We called it “hang time”. I’d started doing it after one particularly bad bout of treatment sent burning pain up and down his spine.

I loved it, but with my grand five feet and two very significant inches, I wouldn’t be able to do it soon.

As much as I wasn’t ready for my son to grow up, I was thrilled that he’d have the chance to do so.

While acute myeloid leukemia, which was what my Max had, was considered to have a very high five-year survival rate after diagnosis, Max’s journey had been touch-and-go.

Normally, most children went into remission after the initial induction phase of chemotherapy.

Normally being the operative word. Because Max had never been a big kid—he’d been colicky as a baby and highly sensitive to food as a young boy—he didn’t have a lot of extra weight on him to lose, and because our lives could never be boring, other medical complications popped up.

Long story short, he ended up needing another round of chemo as well as consolidation therapy and a stem cell transplant.

But it was all worth it, because I’d gotten to cry and cheer when he rang that bell in the cancer ward—a bell I’d stared at with longing for two and a half years.

“No, I had to pee,” he answered through a long yawn as I put him down. “Is it almost time to go see the Christmas lights in South Town?”

I couldn’t help but grin at how eager he was.

Although we didn’t have much, he didn’t seem to mind.

His big thing was experiencing all the stuff he’d been forced to miss out on because of his cancer, and he was thrilled at how much he was already able to do.

So, even with the sudden surprise of the double bill, we were having the best Christmas we’d had in three years.

“It’s still light outside, you silly goose. You gotta wait until it gets a bit darker.”

“I’m not a goose, I’m a gander. You’re a goose!”

“I’m not a goose, I’m your mother!” I retorted with faux triteness. I loved how Max giggled before he replied, the gap between his front teeth making him that much more adorable.

“You can be a goose and a mommy!

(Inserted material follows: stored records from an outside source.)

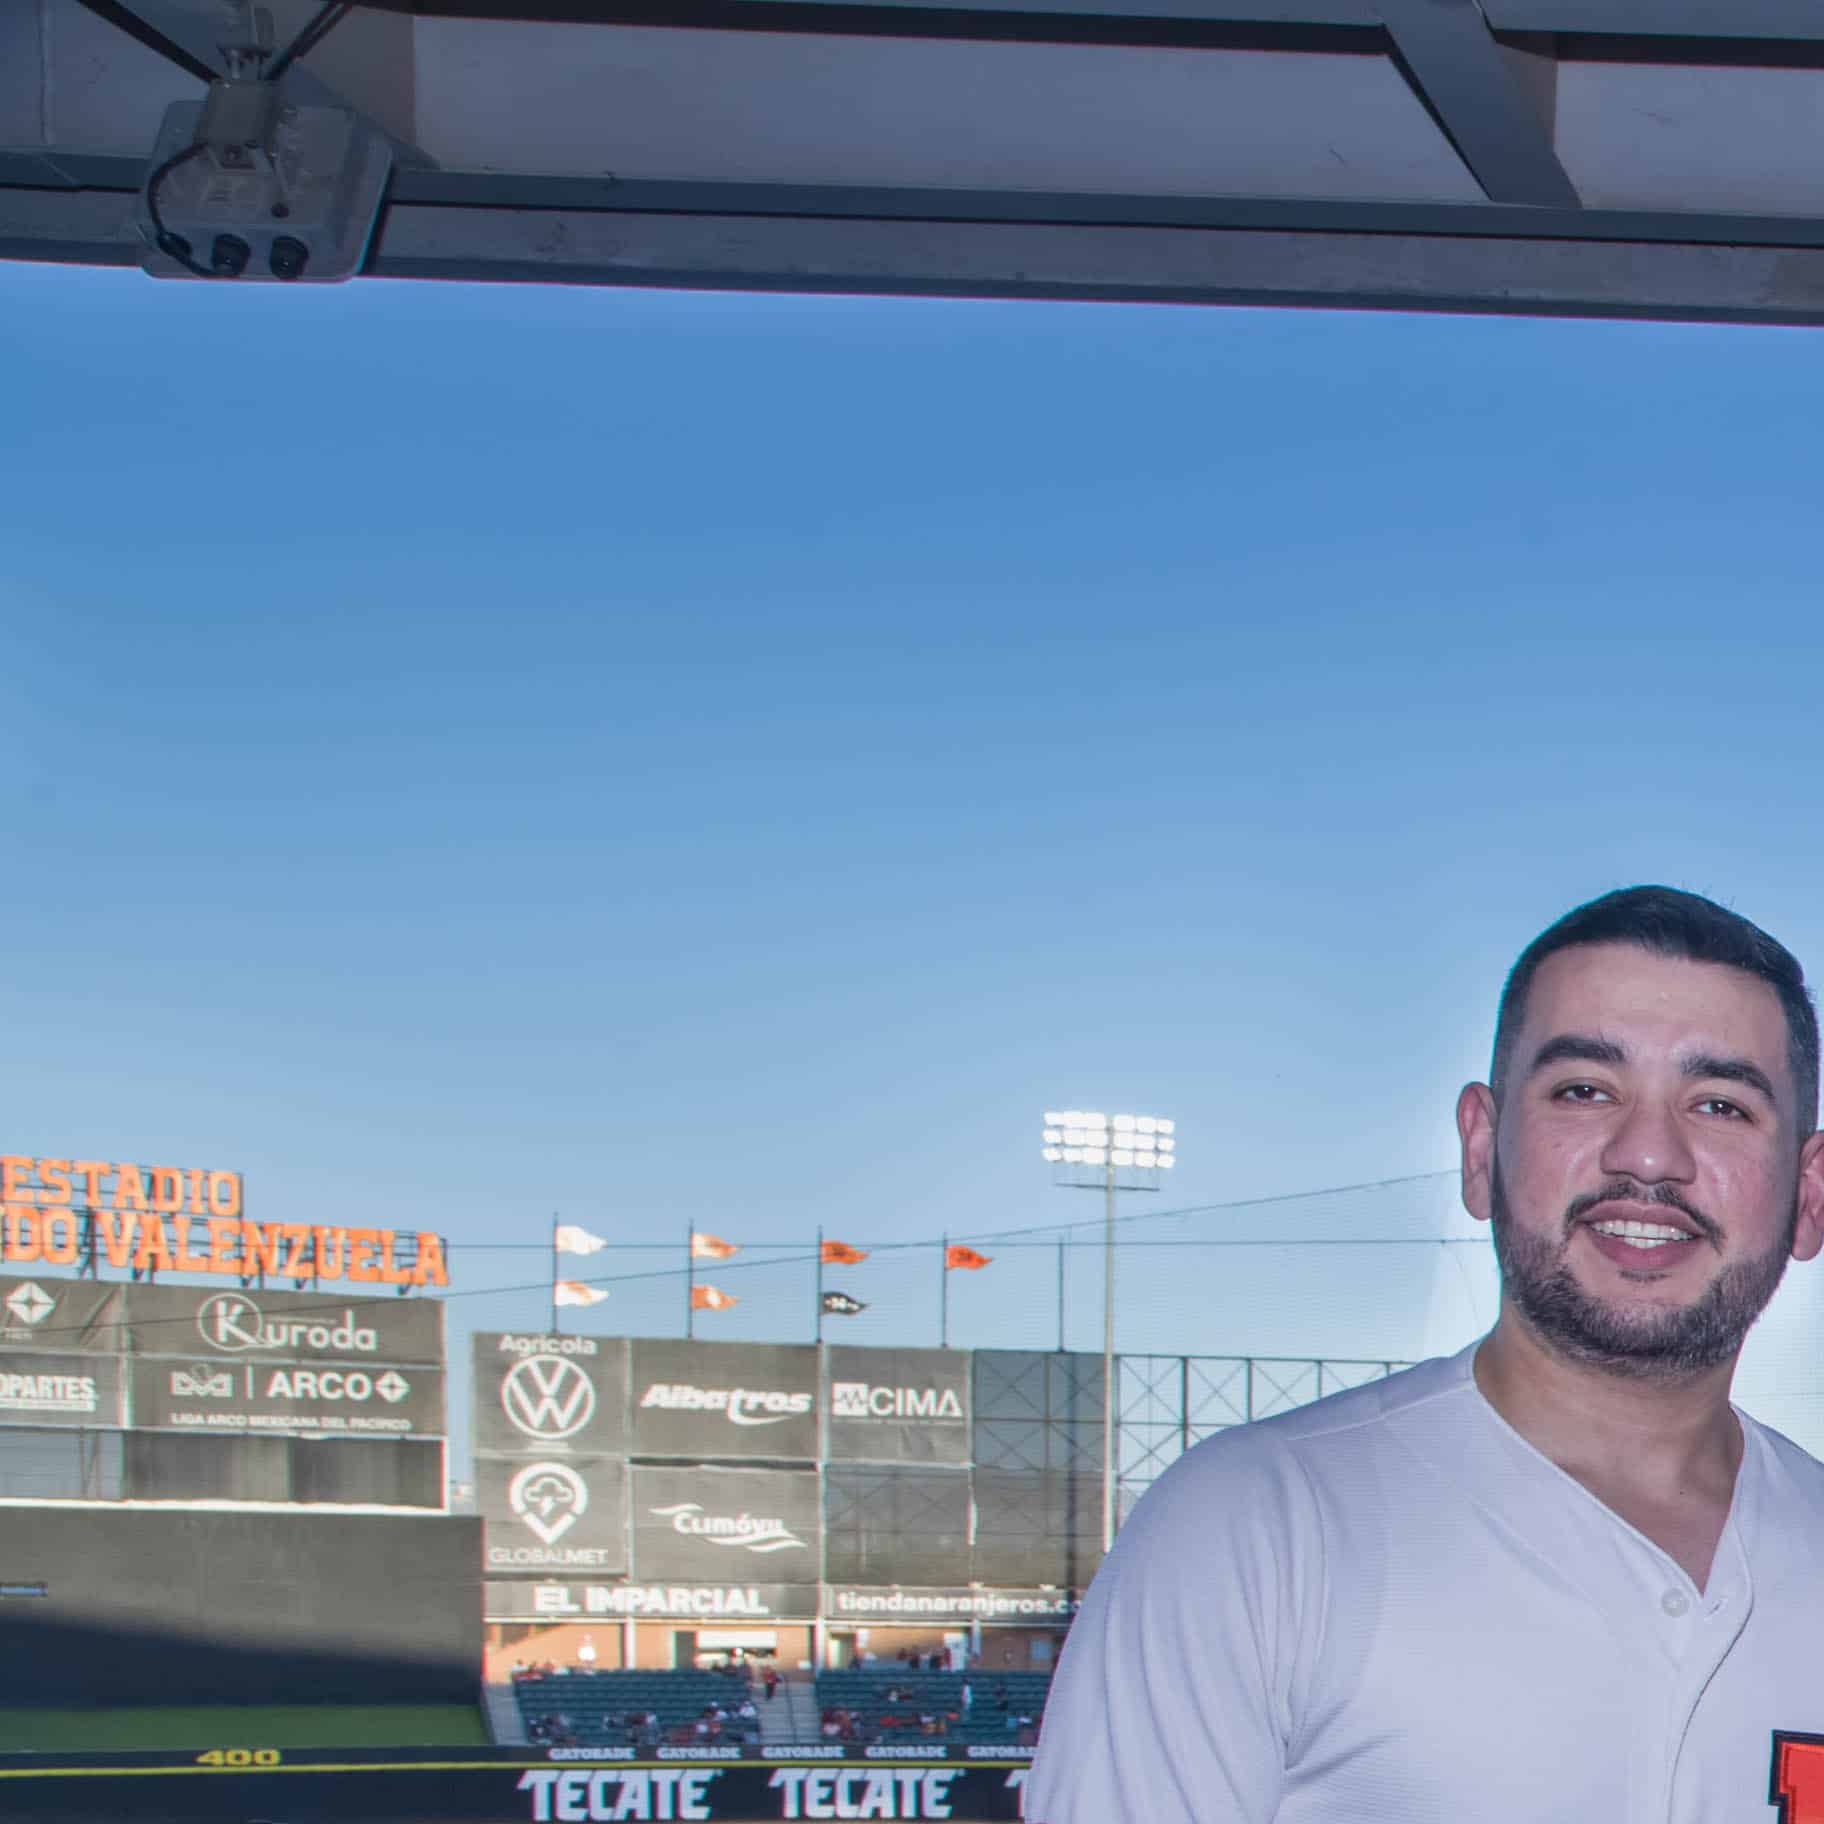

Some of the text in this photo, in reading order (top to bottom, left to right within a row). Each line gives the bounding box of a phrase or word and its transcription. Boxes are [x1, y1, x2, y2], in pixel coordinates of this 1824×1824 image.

[0, 1155, 241, 1217] ESTADIO
[0, 1204, 449, 1286] DO VALENZUELA
[202, 1294, 378, 1351] Kuroda
[267, 1371, 372, 1400] ARCO
[869, 1388, 963, 1417] CIMA
[641, 1384, 812, 1425] Albatros
[489, 1547, 609, 1566] GLOBALMET
[533, 1587, 769, 1615] EL IMPARCIAL
[196, 1749, 281, 1766] 400
[518, 1768, 724, 1822] TECATE
[769, 1767, 966, 1818] TECATE

They’re usually the mean ones!”

“The mean ones, eh?” I asked, curling my fingers like claws. “Well, then maybe I am a goose because I’m gonna getcha!”

I made grabbing motions with my hands. Max let out a quiet shriek—he was still working on being loud like his mama—then raced up the stairs, howling with laughter.

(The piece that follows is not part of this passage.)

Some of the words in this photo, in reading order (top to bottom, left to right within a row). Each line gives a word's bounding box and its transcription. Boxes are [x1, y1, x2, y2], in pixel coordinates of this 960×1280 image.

Naturally, our chase didn’t last long, but it didn’t need to. Again, it was the fact that we could do it at all. So, when we flopped on my bed, hands clasped as we caught our breaths—man, when had I gotten so out of shape?—I wanted to weep with joy.

But I’d cried enough over the past few years. Max and I were in our era of laughter and contentment and growth and healing.

“So, when is sunset gonna be?” Max asked.

“I think perhaps in an hour or so. The sun hasn’t started setting yet, but it’s winter, so it does happen pretty quickly.”

Max nodded, and the dutiful expression on his features told me he was thinking.

“Do you want to lie down for a bit longer? I can wake you up right as it’s starting to set so you have time to get ready.”

He shook his head. “No, I think I’m up-up.”

“Okay then.” I paused, trying to think of something sedate we could do because I really wanted to save Max’s physical stamina for when we went to see the lights.

I had a walker for him and a wheelchair if he needed it, but it still took a toll on him if he was really exhausted.

“I’m a bit tired, though, so would you mind reading me a book while we wait for it to get dark? ”

“I can do that! Do you wanna pick?”

I loved how happy my son was at the suggestion. All too soon, he would be too busy with high school and teenage stuff to want to narrate something to his uncool mom, but I was incredibly grateful he’d get to that phase.

Just… not quite yet.

“You can pick, Maxi-Bear.”

He got off the bed and walked on unsteady legs. I watched him go with pride. We hadn’t had an easy journey so far, but this Christmas was our time to start over and forget all the stress and pains of the past.

It was our do-over, and I was going to make the best of it.